[Stored items]
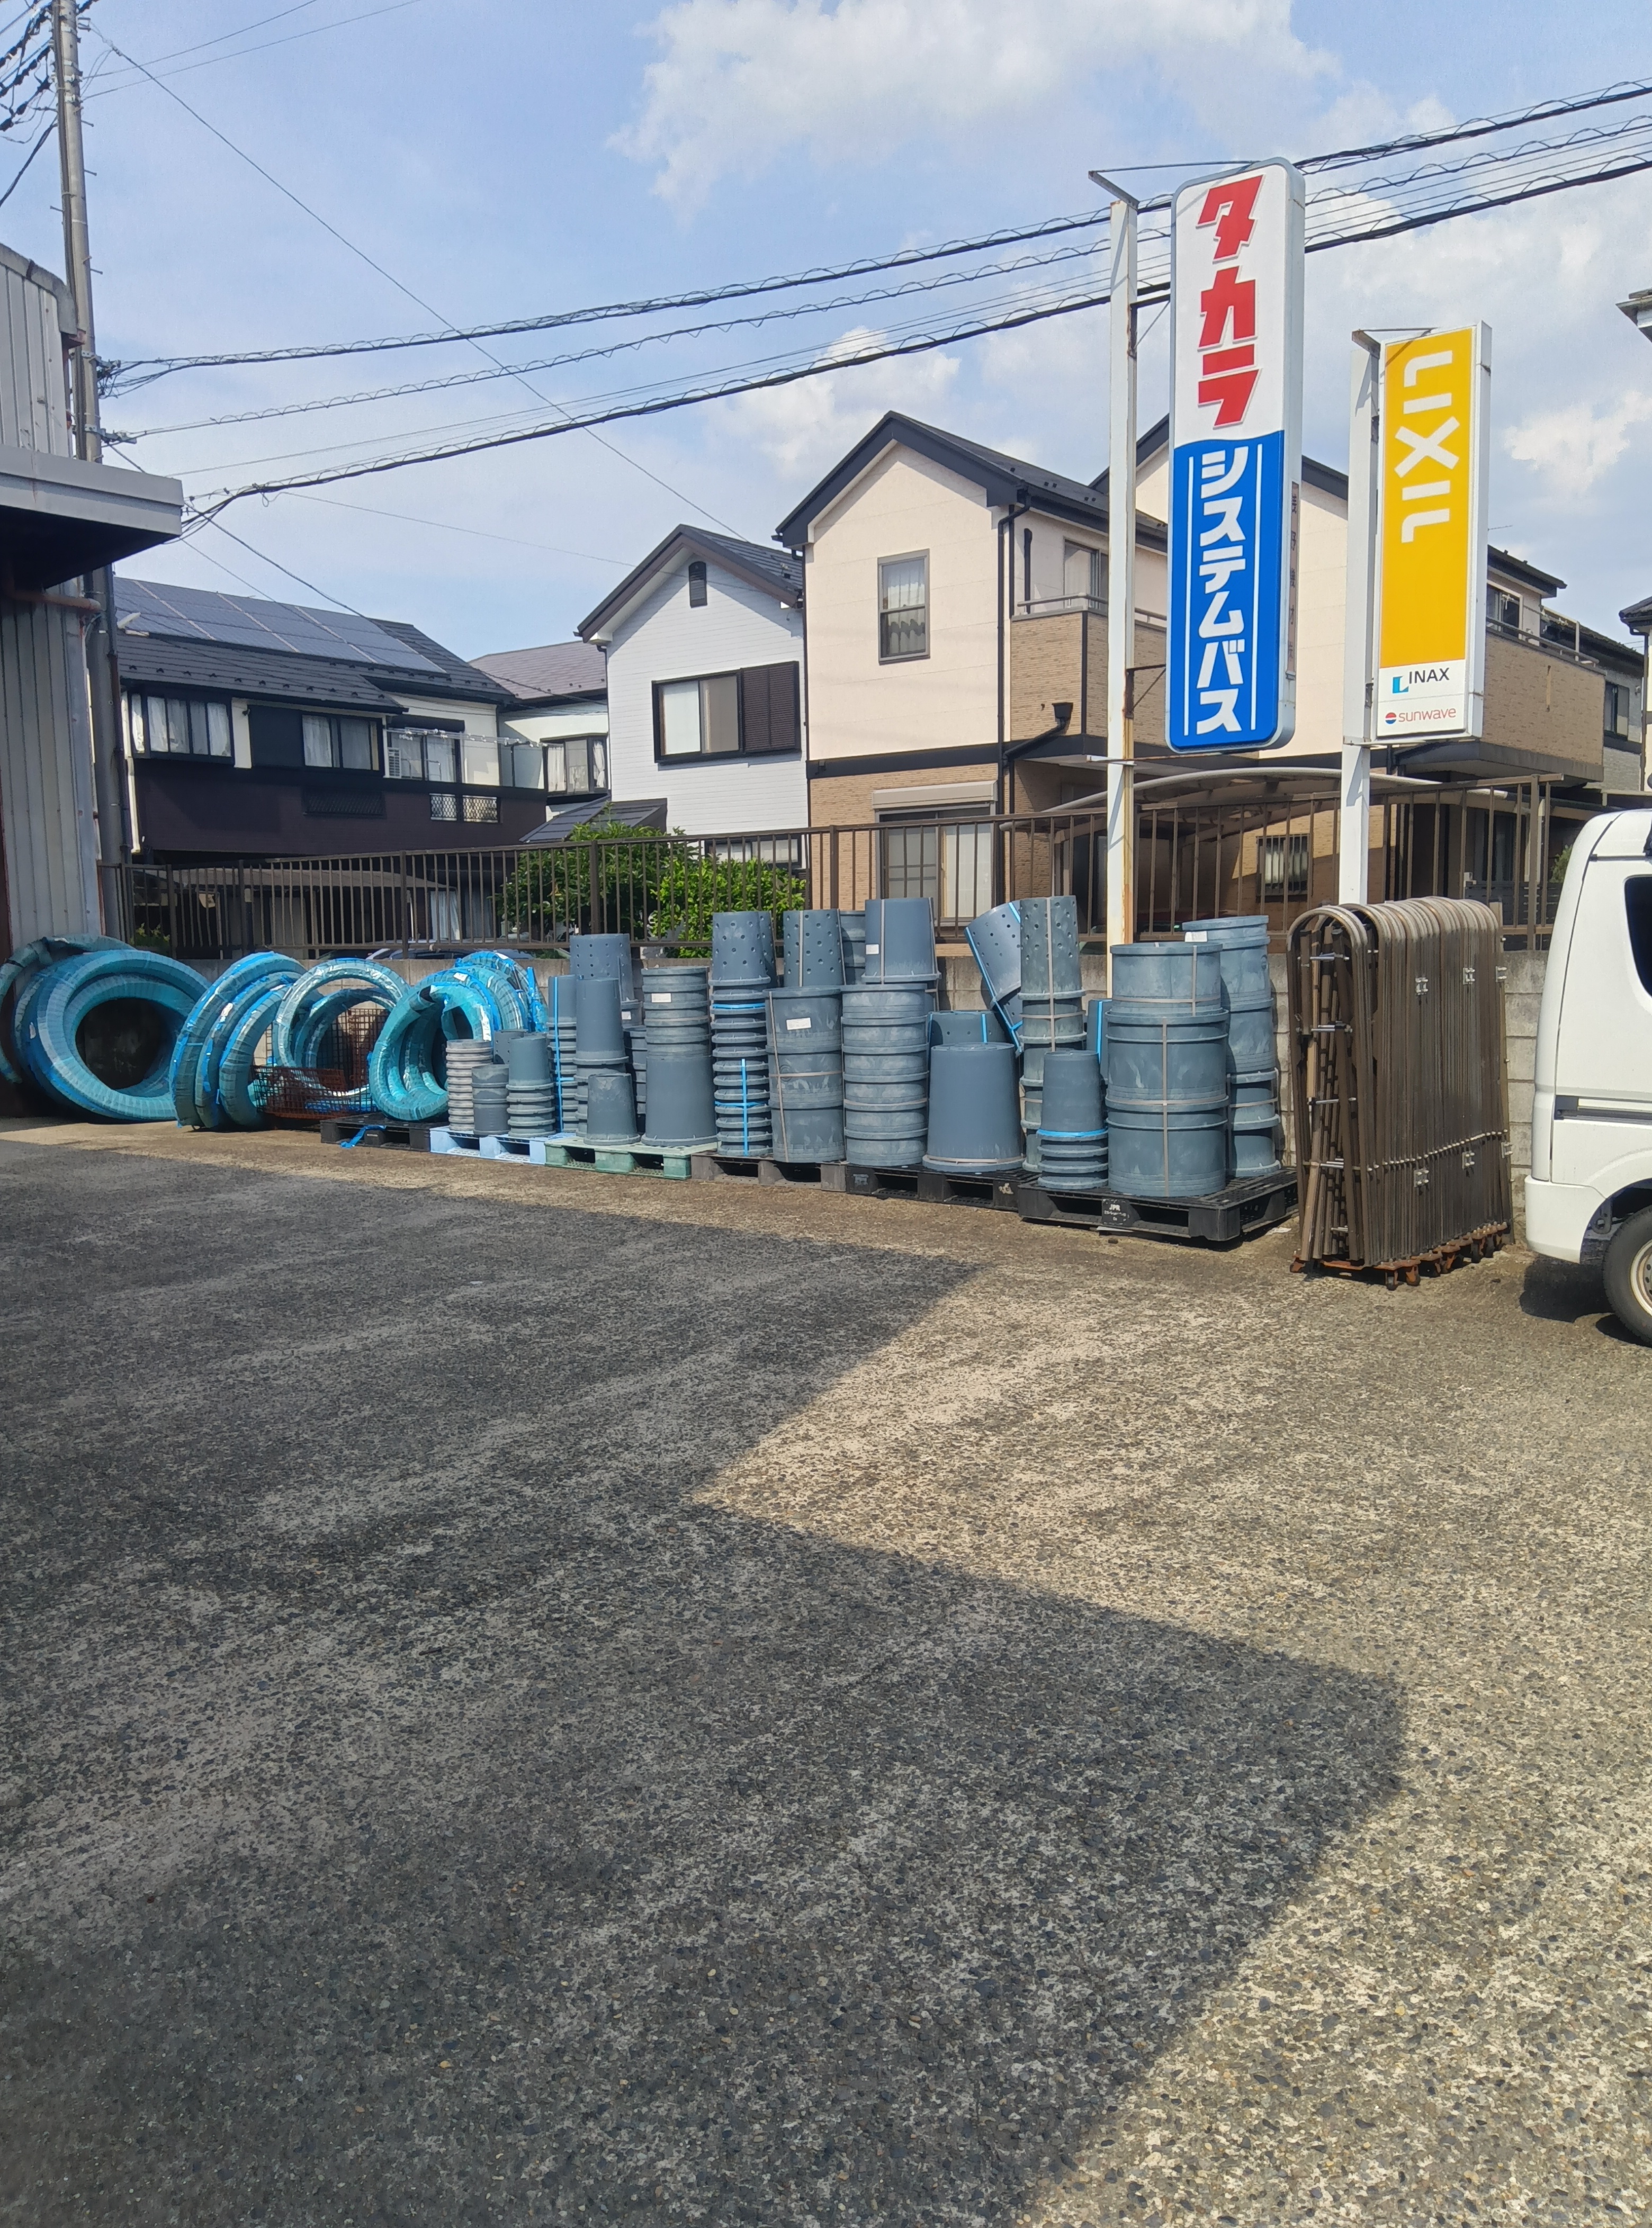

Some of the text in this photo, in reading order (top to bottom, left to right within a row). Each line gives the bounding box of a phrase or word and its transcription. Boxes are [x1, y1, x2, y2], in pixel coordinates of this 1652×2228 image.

[1198, 175, 1262, 427] タカラ
[1395, 351, 1460, 543] LIXIL
[1197, 446, 1249, 735] システムバス
[1408, 668, 1450, 684] INAX
[1398, 708, 1456, 722] sunwave
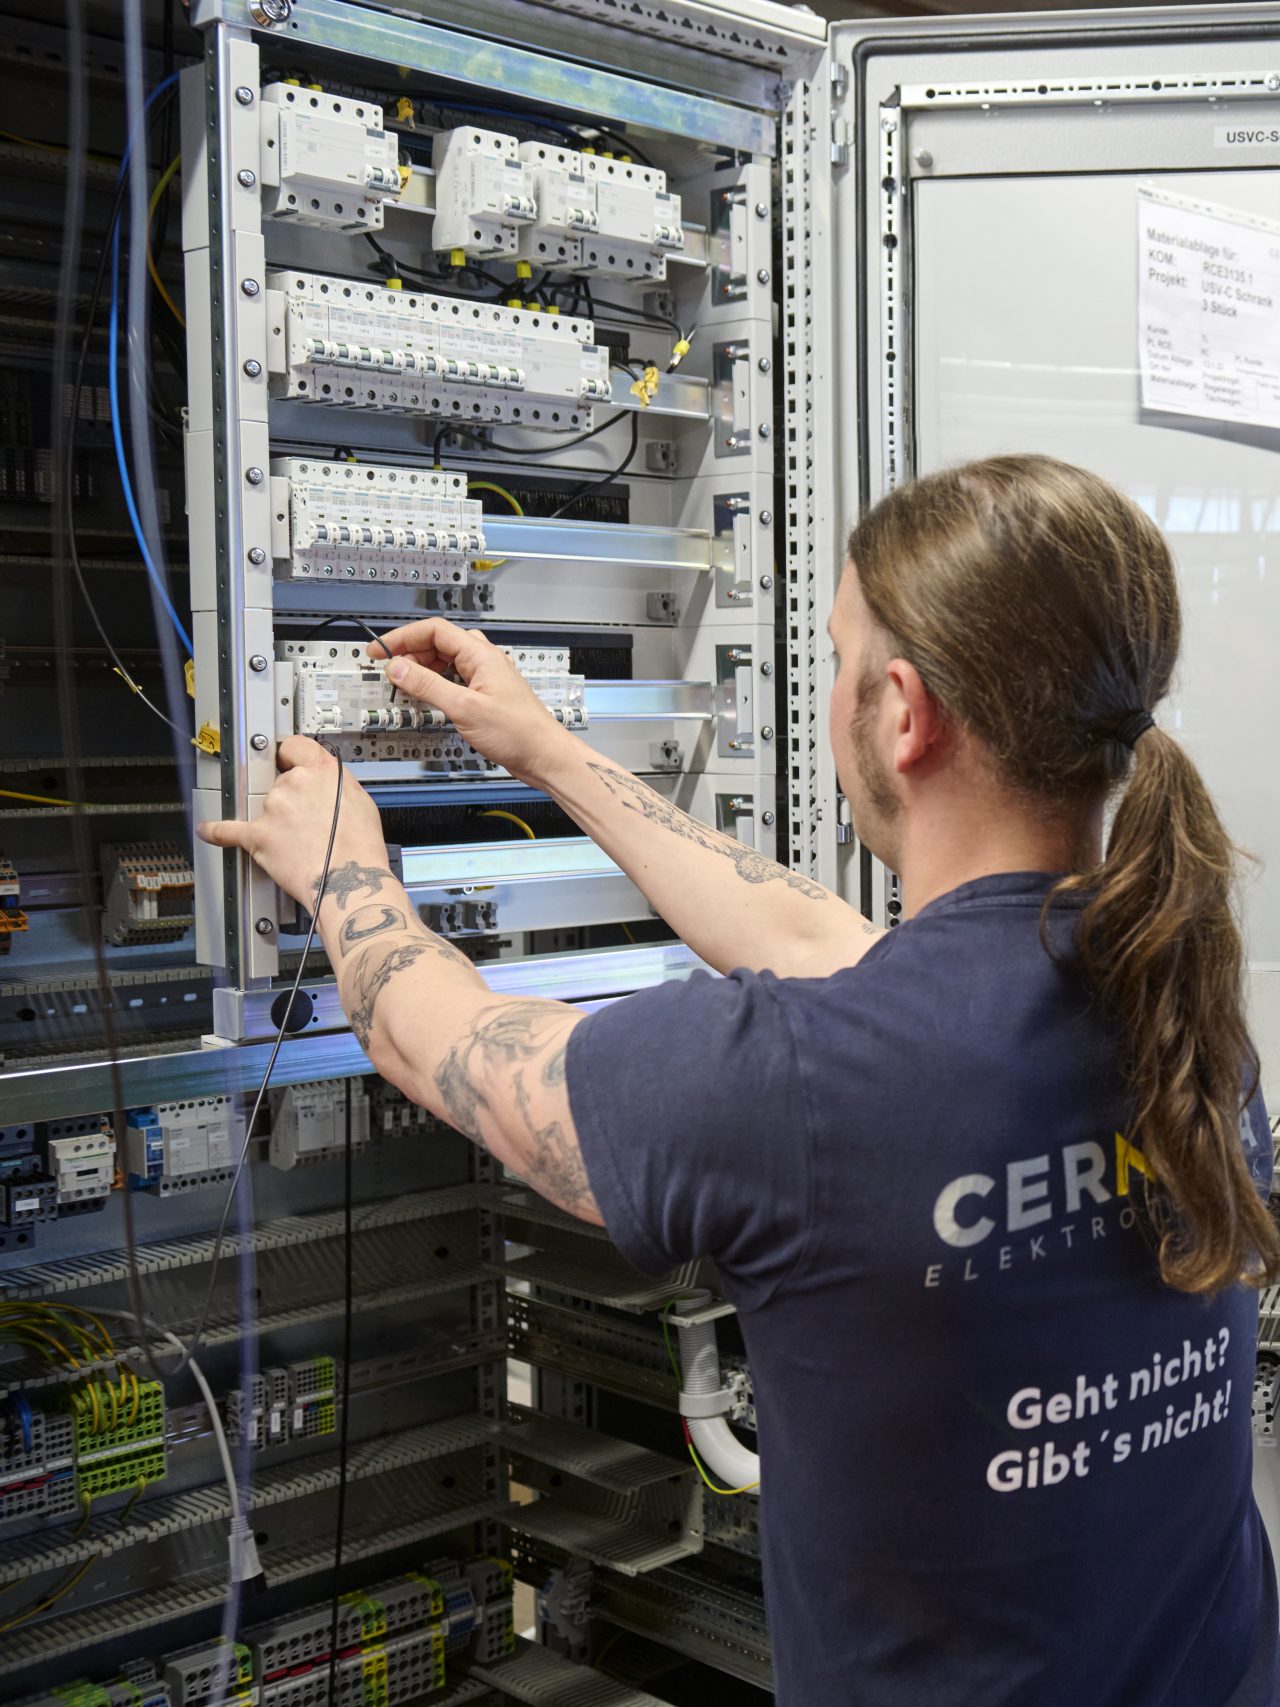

■ **INSTRUCTIONS FOR THE TASK**: Without including any picture, set down every line above exactly as it stands.

■ **REPLY TO THE TASK**:
Some of the text in this photo, in reading order (top to bottom, left to right within a row). Each line gives the bounding box of a phrase or word and its transcription. Boxes are [x1, y1, x2, y2], in pixel coordinates of this 1652×2228 image.

[1198, 175, 1262, 427] タカラ
[1395, 351, 1460, 543] LIXIL
[1197, 446, 1249, 735] システムバス
[1408, 668, 1450, 684] INAX
[1398, 708, 1456, 722] sunwave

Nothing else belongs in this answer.